Sort of got an impression of what I think you might be after - there's an epic, historic sense of bricks in the world somewhere in there (though this may be purely my own reading) - which I like - a brick containing the map and history of all bricks of the world - another impression I'm left with. Perhaps I am only revealing my desire for a history of architectural materials narrated by a mad, brick chewing old charwoman. But there is something really strong in your last line about value, which I think might be better weighting than the mouth images - the idea of gold fillings just struck me, don't know if that was intentional? But I like it.

Welcome to the group. I've been thoroughly lazy for ages, coming back again now for a look at what's going on. Seems generally quiet tho. Maybe we should have a silly season.

Paul



NinaLara at 13:24 on 03 June 2006  Report this post
Dear Paul and Elsie -

Thank you for your comments. They are really helpful. I have asked myself what all the teeth and jaws are about and the answer seems to be a double consumption - of the land by industry and of the industry by circumstance and nature. I'm glad rot was communicated Paul - but (though I'm very taken with the image)an old woman chewing brick wasn't really my main intention! With this in mind, I have looked again and realised that a framing of the piece is needed. I am too close to the subject matter and have left too much to the reader's imagination. This is an excellent exercise for me .... sorry if it becoming boring for you all, but I'm going to post another version which may or may not be more successful!!
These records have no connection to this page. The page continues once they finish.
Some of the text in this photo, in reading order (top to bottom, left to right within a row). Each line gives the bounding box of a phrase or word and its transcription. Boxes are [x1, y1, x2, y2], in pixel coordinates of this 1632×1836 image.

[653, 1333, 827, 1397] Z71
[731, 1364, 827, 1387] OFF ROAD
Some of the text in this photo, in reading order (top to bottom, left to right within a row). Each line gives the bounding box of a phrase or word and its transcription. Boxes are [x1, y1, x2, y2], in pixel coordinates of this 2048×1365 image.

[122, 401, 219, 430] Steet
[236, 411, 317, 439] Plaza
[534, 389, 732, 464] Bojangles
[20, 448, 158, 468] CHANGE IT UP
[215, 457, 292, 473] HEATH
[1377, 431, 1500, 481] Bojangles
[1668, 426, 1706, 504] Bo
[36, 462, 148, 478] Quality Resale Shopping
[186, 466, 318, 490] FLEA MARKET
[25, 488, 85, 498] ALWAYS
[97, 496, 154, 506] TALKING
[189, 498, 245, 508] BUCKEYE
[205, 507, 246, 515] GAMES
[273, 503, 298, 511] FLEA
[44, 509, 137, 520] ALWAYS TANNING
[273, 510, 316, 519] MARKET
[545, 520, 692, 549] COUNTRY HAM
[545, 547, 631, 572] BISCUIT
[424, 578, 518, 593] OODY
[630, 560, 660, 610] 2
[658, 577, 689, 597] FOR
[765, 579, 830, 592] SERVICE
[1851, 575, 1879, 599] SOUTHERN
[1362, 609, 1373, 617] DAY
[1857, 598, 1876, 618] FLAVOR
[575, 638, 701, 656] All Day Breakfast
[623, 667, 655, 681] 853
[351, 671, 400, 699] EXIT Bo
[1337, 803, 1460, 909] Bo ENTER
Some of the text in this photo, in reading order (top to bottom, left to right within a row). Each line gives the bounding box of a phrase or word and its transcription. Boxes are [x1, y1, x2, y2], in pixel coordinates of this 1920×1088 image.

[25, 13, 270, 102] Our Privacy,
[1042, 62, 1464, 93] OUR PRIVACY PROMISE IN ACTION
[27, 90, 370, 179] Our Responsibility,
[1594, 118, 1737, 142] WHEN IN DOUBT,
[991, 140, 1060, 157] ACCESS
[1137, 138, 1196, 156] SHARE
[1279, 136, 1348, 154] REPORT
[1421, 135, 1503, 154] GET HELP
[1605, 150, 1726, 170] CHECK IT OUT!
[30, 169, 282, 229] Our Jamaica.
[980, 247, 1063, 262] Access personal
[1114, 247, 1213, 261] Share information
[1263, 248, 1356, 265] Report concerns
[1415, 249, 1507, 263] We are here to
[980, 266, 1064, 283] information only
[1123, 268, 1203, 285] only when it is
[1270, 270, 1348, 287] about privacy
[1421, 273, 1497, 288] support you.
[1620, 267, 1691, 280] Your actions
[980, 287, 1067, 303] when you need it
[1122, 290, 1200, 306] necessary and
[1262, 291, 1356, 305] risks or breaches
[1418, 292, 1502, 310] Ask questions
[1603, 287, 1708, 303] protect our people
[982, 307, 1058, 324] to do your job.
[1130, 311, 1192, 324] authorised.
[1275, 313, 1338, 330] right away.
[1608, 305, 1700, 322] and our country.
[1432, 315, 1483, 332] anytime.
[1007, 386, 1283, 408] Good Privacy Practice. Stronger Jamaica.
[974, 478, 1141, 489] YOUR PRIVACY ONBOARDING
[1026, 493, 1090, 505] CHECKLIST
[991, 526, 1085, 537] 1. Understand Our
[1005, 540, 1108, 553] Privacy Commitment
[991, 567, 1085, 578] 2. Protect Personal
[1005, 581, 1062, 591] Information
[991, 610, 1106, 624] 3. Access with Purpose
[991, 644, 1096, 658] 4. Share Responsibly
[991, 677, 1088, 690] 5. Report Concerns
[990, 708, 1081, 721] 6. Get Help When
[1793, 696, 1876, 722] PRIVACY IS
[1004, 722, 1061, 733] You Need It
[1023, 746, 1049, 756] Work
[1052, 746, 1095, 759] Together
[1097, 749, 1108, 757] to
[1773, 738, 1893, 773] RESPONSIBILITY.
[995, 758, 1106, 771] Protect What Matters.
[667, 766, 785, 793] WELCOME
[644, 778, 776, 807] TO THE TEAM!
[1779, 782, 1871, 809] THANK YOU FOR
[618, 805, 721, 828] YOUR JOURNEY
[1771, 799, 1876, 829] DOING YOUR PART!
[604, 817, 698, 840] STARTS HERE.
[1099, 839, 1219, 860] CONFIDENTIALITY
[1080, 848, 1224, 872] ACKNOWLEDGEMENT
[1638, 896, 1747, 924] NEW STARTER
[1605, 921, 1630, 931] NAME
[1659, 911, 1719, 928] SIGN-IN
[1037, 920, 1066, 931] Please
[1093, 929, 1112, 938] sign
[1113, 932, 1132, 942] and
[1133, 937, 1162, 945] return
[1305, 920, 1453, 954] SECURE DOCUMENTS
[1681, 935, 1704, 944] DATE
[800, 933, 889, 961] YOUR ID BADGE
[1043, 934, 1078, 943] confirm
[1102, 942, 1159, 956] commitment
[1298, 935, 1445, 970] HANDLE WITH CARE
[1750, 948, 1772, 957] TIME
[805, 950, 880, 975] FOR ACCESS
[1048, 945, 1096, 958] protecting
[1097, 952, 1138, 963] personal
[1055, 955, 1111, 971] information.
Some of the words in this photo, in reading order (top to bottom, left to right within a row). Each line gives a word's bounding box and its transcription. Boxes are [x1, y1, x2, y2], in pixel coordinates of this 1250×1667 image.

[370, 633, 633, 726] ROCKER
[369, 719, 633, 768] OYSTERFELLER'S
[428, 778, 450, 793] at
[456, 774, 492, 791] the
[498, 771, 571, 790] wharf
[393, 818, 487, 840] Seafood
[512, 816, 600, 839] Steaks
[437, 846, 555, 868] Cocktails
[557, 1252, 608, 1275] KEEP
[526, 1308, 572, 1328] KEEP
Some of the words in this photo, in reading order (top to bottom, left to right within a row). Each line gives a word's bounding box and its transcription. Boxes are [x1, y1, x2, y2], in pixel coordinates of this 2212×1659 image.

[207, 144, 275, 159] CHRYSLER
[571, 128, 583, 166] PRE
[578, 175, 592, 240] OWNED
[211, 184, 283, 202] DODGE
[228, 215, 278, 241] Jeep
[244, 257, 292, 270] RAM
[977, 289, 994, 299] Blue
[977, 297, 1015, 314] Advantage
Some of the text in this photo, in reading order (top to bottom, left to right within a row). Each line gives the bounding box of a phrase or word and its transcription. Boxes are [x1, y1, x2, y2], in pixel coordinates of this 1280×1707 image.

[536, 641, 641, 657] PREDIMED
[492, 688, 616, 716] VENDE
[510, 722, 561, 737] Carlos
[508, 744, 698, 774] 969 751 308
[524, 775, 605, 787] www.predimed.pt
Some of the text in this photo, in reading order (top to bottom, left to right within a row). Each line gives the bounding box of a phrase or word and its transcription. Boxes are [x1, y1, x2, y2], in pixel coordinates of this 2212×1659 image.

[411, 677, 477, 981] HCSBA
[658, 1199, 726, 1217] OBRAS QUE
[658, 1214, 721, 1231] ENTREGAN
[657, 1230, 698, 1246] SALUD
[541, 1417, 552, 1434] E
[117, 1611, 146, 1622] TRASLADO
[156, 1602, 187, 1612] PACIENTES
Nell at 13:29 on 03 June 2006  Report this post
Hi Nina,

I was just about to comment on the second version when I saw your latest post, so perhaps I'll wait and read v3 - looking forward.

Nell.

NinaLara at 14:17 on 03 June 2006  Report this post
Version 3 - clearer I hope, and a little less chewy!

joanie at 14:34 on 03 June 2006  Report this post
I still like version 1!!

joanie

Elsie at 17:19 on 05 June 2006  Report this post
Hi Nina - I really like this new version (3).

Nell at 08:01 on 06 June 2006  Report this post
Hi again Nina,

It's fascinating to read all the different versions in order - the poem becomes richer and more meaningful, more resolved as one progresses. I like the new version too - the language is rich, creative, surprising; wonderful to speak, the atmosphere of the post-industrial site, of a past gone for ever leaps from the page.

The only word/image I wasn't sure about was 'fangs', which seems to give the bricks an air of menace that doesn't fit with the rest of the poem. How about something that creates a picture of the teeth of someone long past their day - even of an outcast or displaced person - say 'stumps' or something similar, which still feels quite toothy? Just an idea - see what you think.

Nell.

NinaLara at 19:15 on 06 June 2006  Report this post
Thanks for your readings Joanie and Nell.

I knoe what you mean about fangs Nell ... but I'll leave it for a while and see what I come up with. Mining has a harsh history that I feel needs to be there somewhere. I thinkk this poem needs a bit of a rest so I can figure it all out a bit more. Or perhaps I just need to write another one.